Now is a good time to assess your relationships with partners and consider how they handled the immediate aftermath of the crisis. What should you expect as part of a crisis-ready digital partnership?

- Make business continuity planning alongside providers your priority; consider flexibility, location and geographical limitations

- Make sure to investigate and leverage the expertise of partners as back-up resource, they can bring experience and knowledge from a wider perspective

- Ensure access to easily monitored and updated crisis dashboards across outsourced services that ensure service levels are being met

As Deloitte states in its report ‘COVID-19: A wake up call for the BPO industry, ‘the ‘DNA’ of the outsourcing model needs to become more flexible and responsive, so that it can anticipate and respond to seismic shocks to their clients’ businesses and markets, and provide solutions at speed.’ Seek partners that are borne of this DNA, not those that have yet to mutate to fit the new normal.

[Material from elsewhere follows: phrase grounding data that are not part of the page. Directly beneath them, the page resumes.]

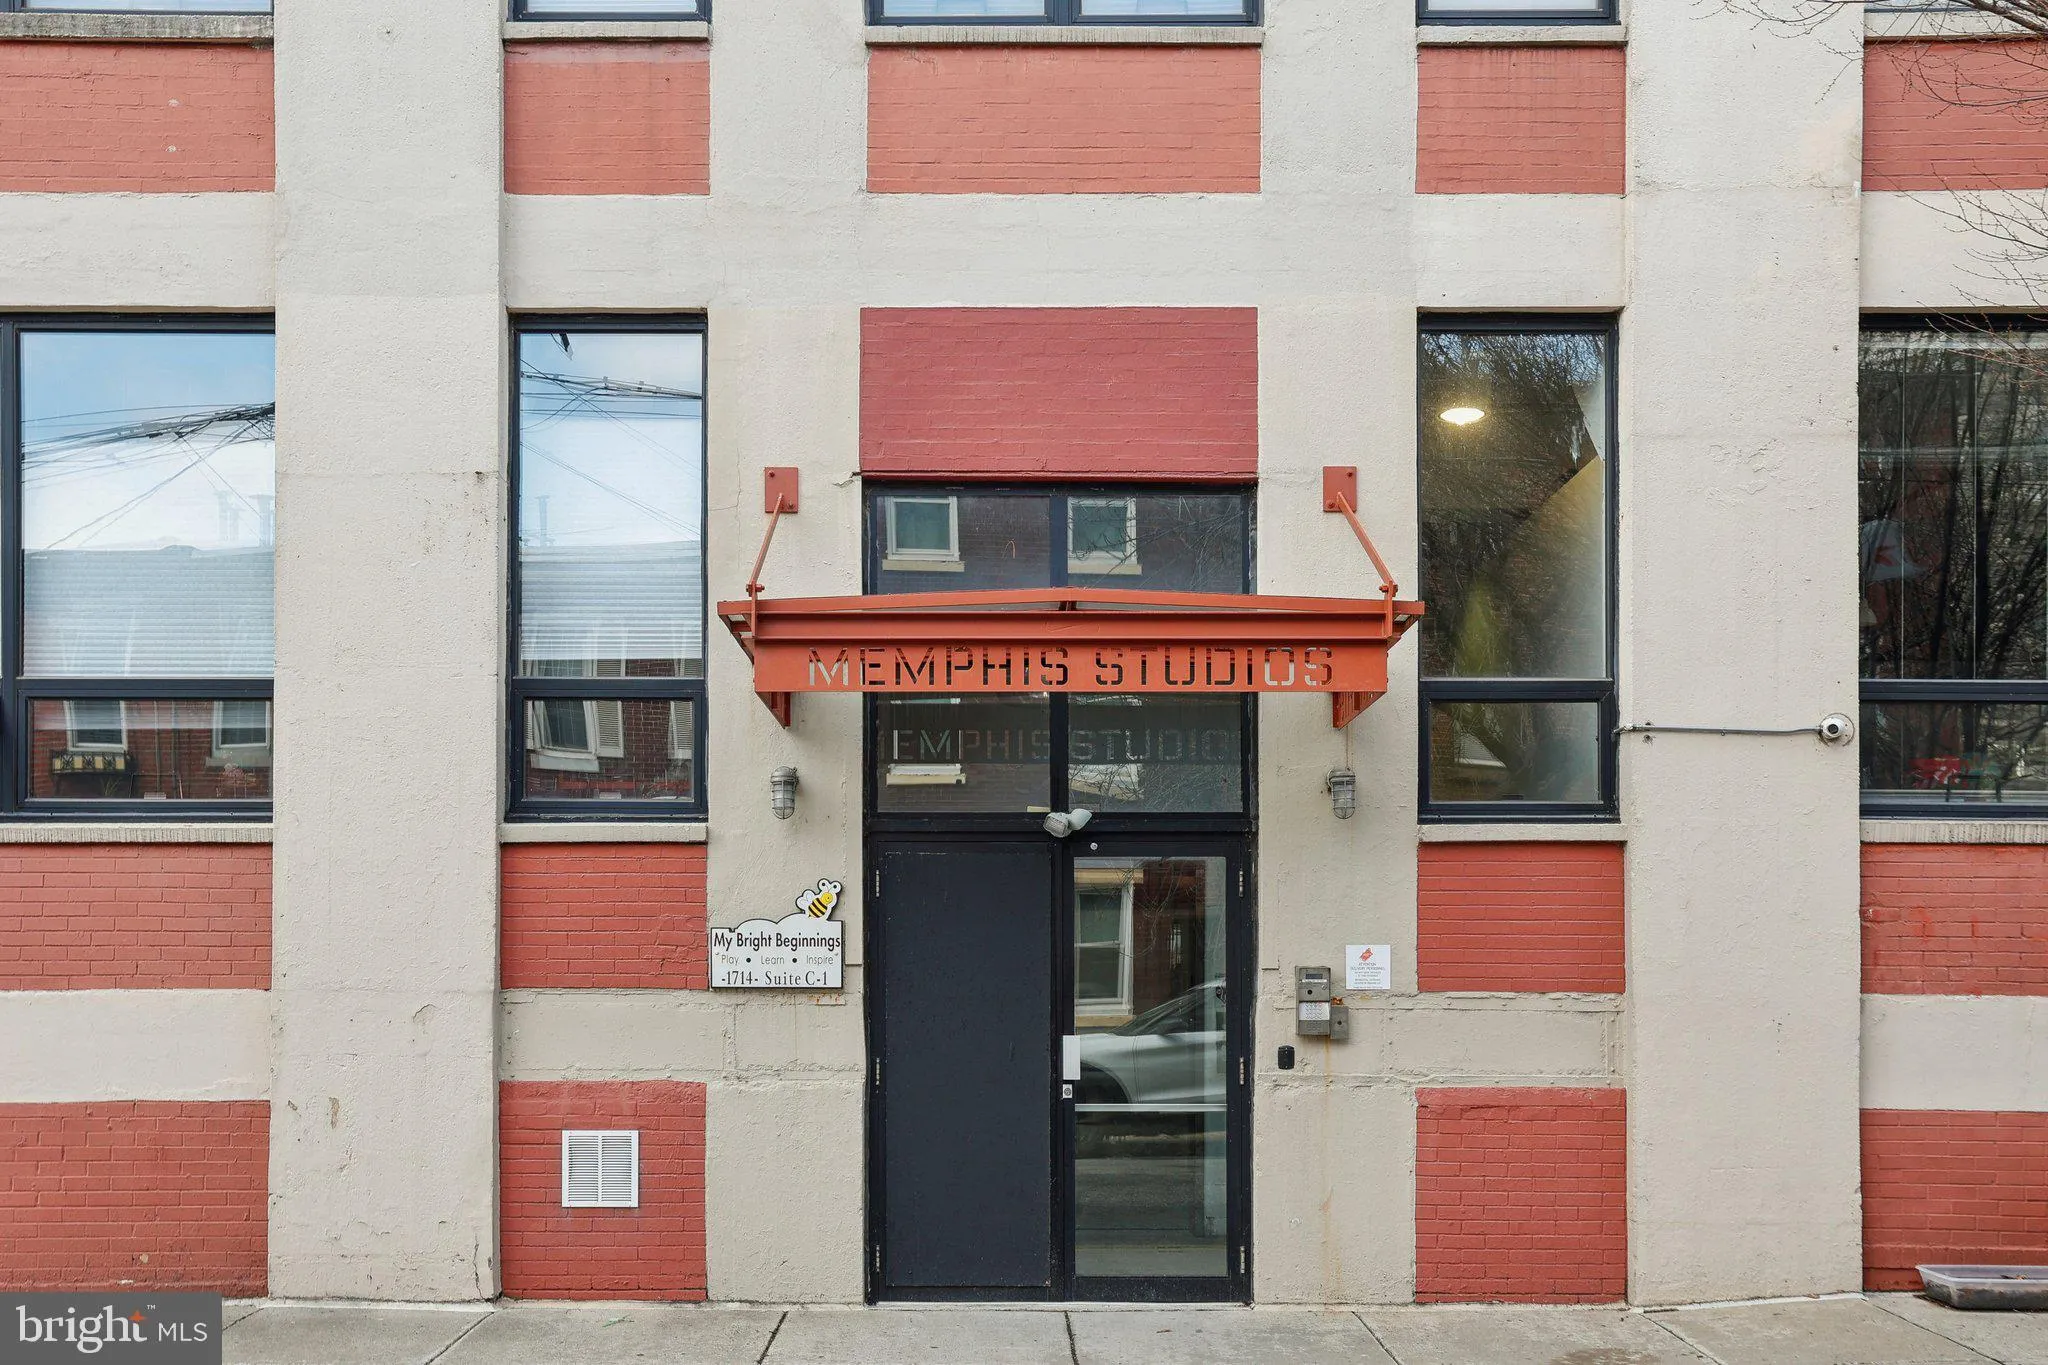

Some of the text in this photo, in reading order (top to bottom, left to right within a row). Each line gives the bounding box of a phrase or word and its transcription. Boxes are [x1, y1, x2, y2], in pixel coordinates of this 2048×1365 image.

[808, 647, 1333, 686] MEMPHIS STUDIOS
[713, 931, 841, 952] My Bright Beginnings
[721, 954, 834, 967] Play Learn Inspire
[765, 970, 801, 986] Suite
[805, 970, 828, 986] C-1
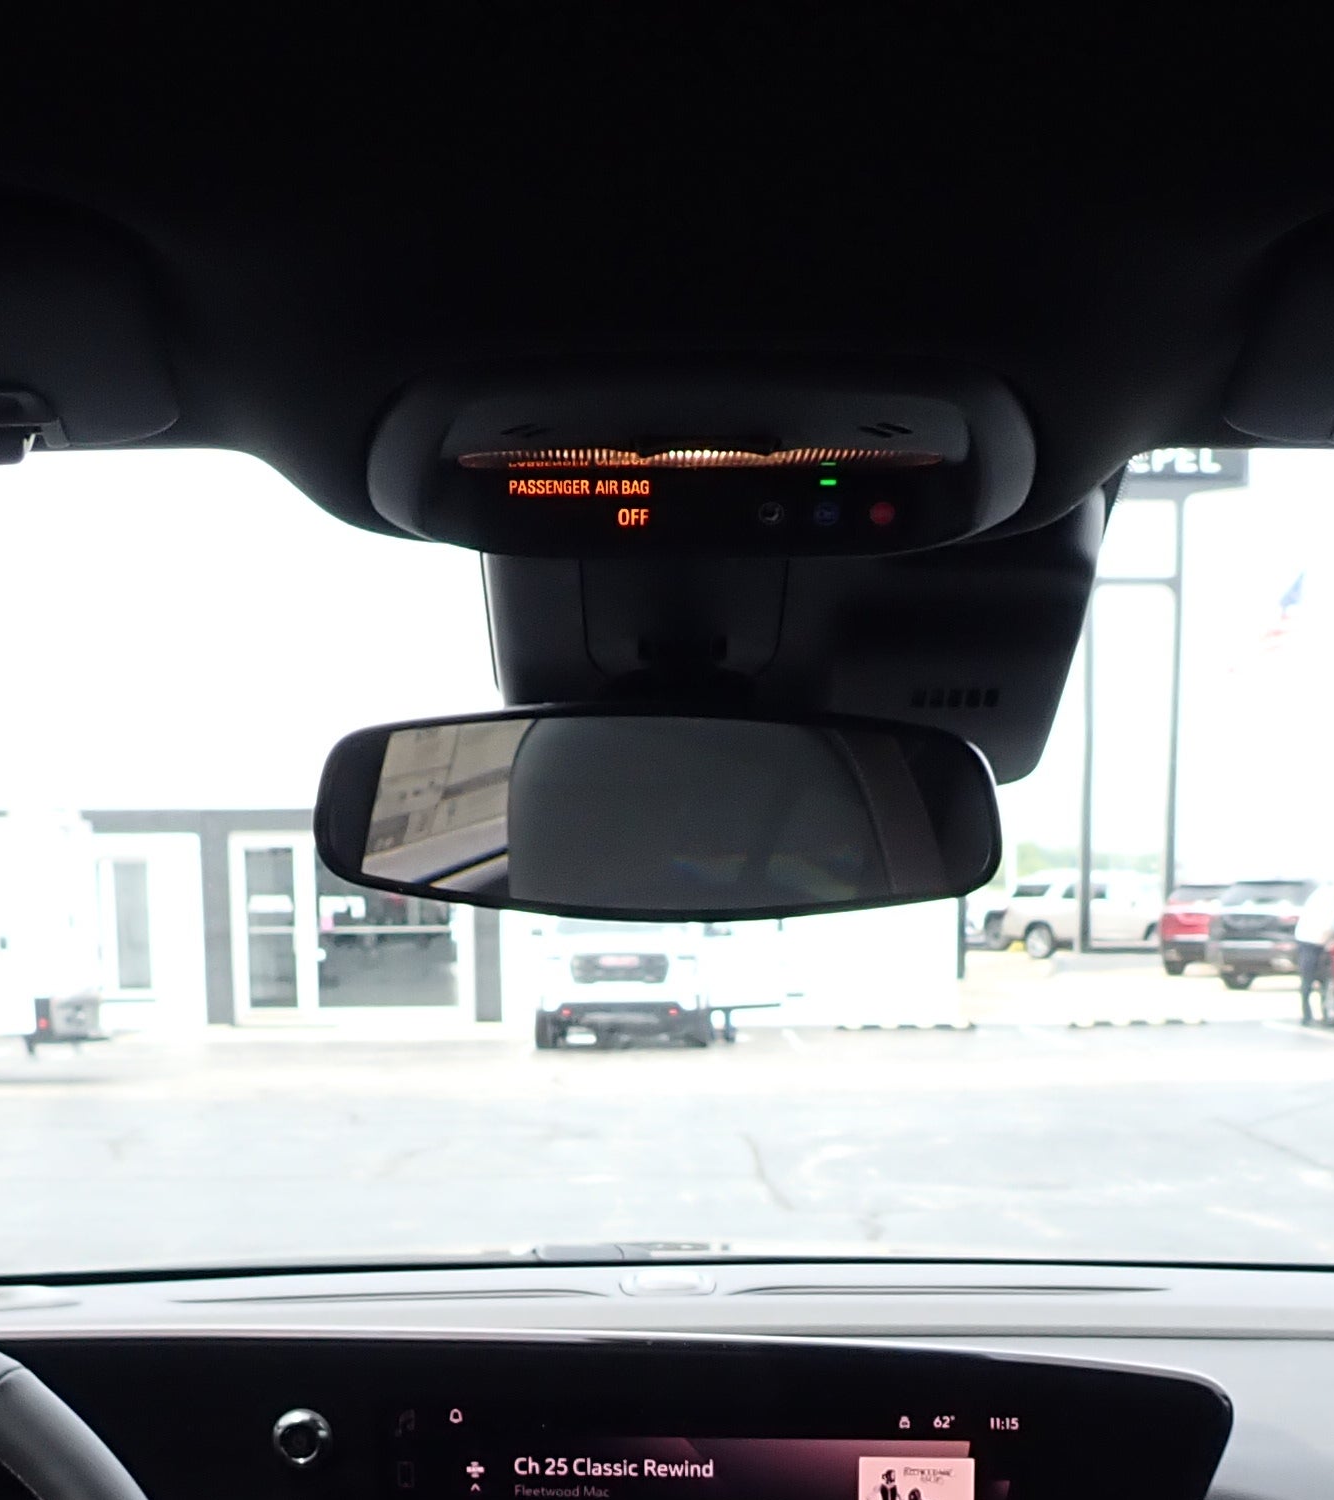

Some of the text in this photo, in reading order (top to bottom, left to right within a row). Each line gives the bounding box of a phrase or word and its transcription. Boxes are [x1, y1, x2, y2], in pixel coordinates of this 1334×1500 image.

[509, 480, 650, 496] PASSENGER AIR BAG
[617, 508, 650, 527] OFF
[989, 1416, 1020, 1431] 11:15
[513, 1456, 715, 1478] Ch 25 Classic Rewind
[513, 1484, 611, 1498] Fleetwood Mac
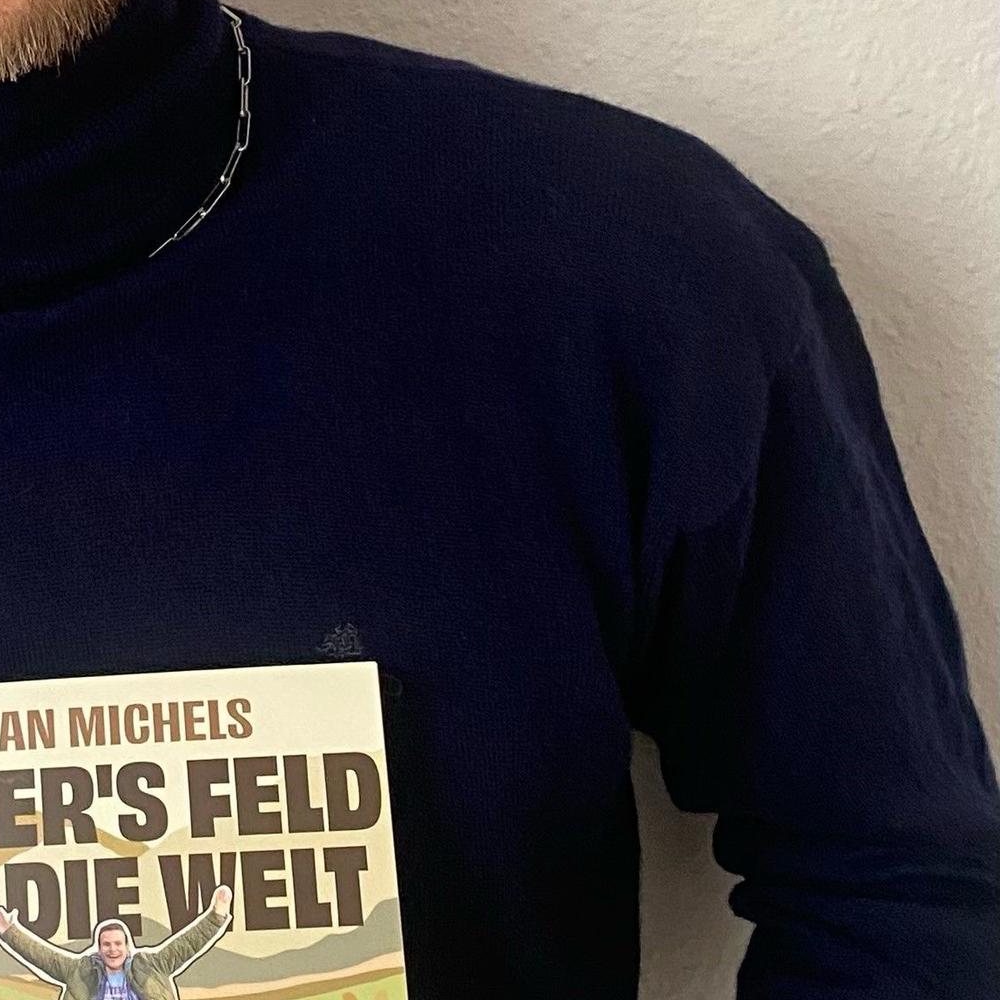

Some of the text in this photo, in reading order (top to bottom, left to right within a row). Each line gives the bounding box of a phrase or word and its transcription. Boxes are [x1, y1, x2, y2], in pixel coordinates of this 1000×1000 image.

[69, 698, 254, 747] MICHELS
[186, 751, 383, 839] FELD
[4, 857, 143, 940] DIE
[159, 845, 369, 933] WELT
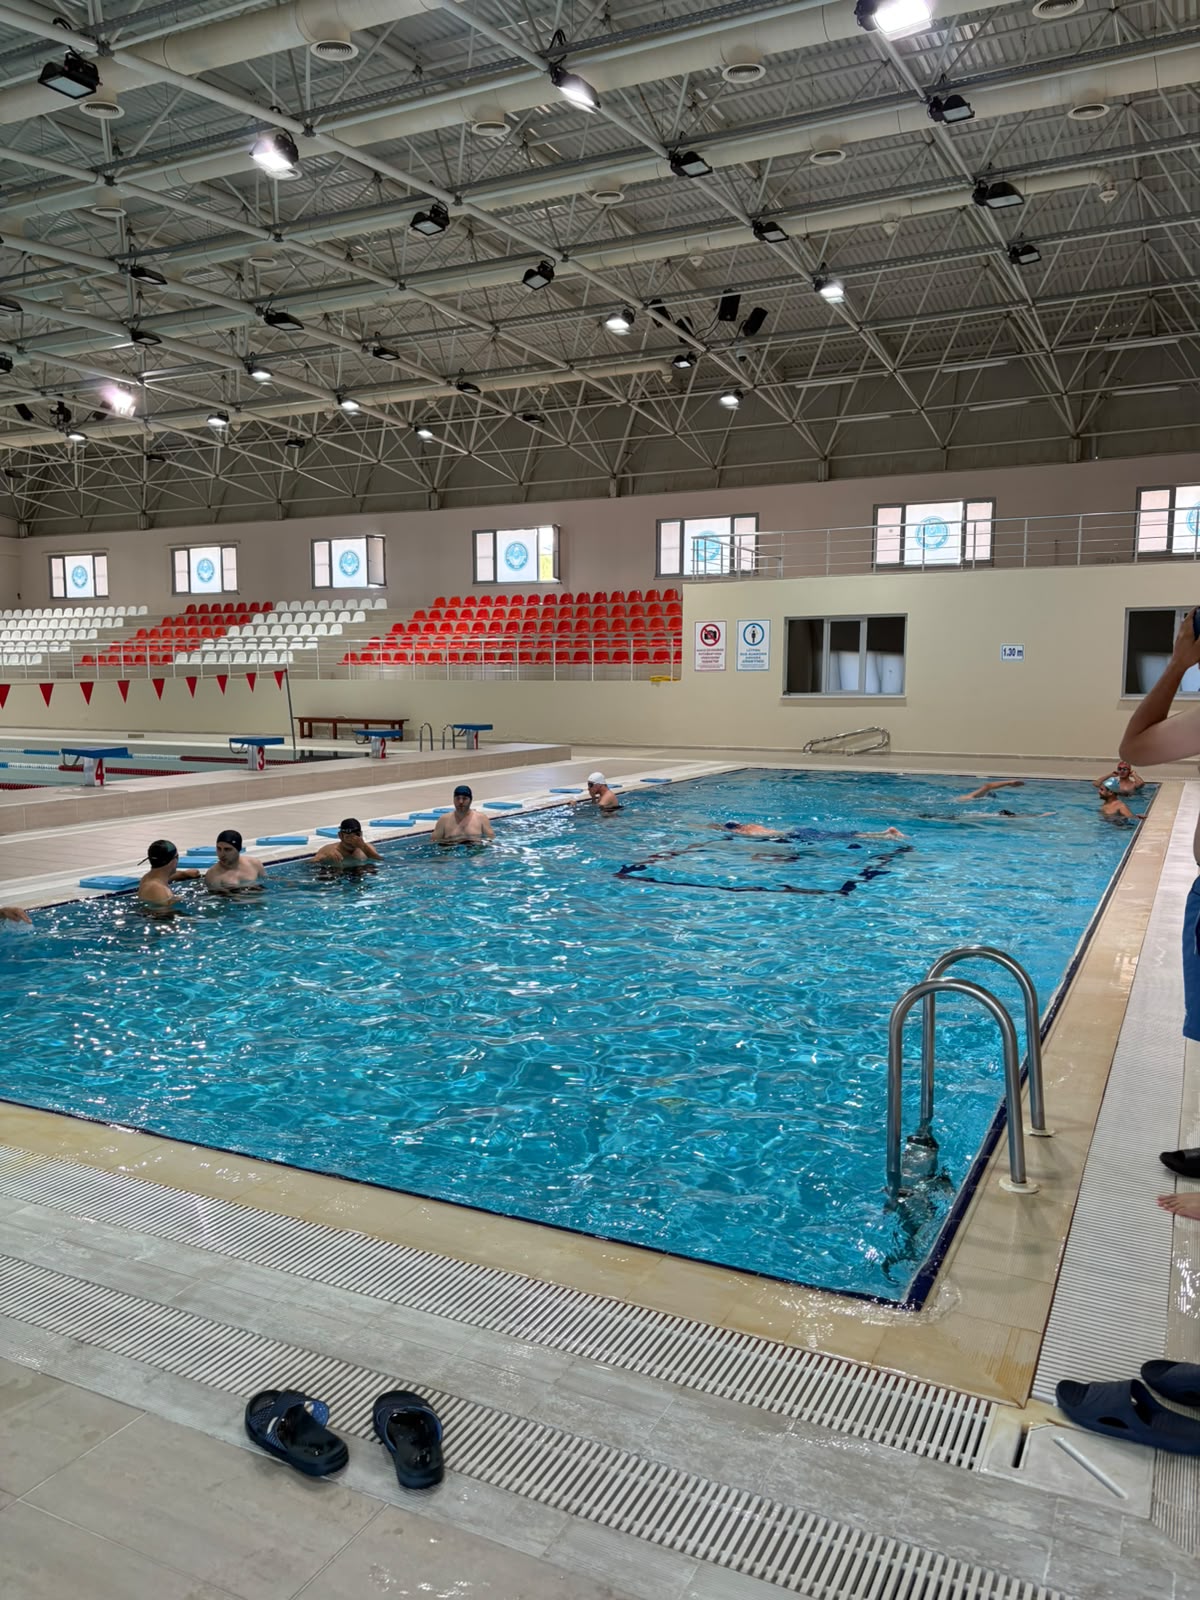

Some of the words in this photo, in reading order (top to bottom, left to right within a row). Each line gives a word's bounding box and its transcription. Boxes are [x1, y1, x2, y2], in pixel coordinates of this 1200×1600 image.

4 - Turning your nose up at quick fixes

We’ve said that it’s a mistake to act too rashly on immediately obvious issues - but that doesn’t mean that quick fixes are off the cards. Sometimes you have to act. According to Accenture’s Technology Vision 2021 many enterprises are compressing a decade of digital transformation into just one or two years. 92% report their organisation is innovating with “an urgency and call to action” .

Here, we’re not talking about ‘quick and dirty’ fixes that will need to be dismantled as soon as we return to ‘business as normal’ (whatever shape that takes). We are talking about taking a strategic decision to act fast to implement proven strategies that will deliver organisational resilience and business continuity right now.

In recent months, Zurich UK & Ireland implemented a two-year digitisation programme in just two weeks. Other stories of two-year or even five-year plans being achieved in mere weeks are proving that where there is a will, there’s a way.

Just three years ago McKinsey analysts spoke of the need to build five-year digital roadmaps. In May 2020, their research suggested that …’businesses that once mapped digital strategy in one- to three-year phases must now scale their initiatives in a matter of days or weeks’. This research showed that top performing companies were accelerating tactics such as data-mapping and learning new technologies from quarterly or even annual priorities to weekly routines.

Accenture echoes this approach in its Trends Vision 2021 report; ‘If businesses continue to have a clear-eyed perspective and sharp focus on their expedited digital transformations, reimagining everything from their people, to data, architectures, and ecosystems, they can emerge as leaders’

Simply put, we no longer have the luxury of time. Right now, quick wins count. In fact, they are now a prerequisite for digital success.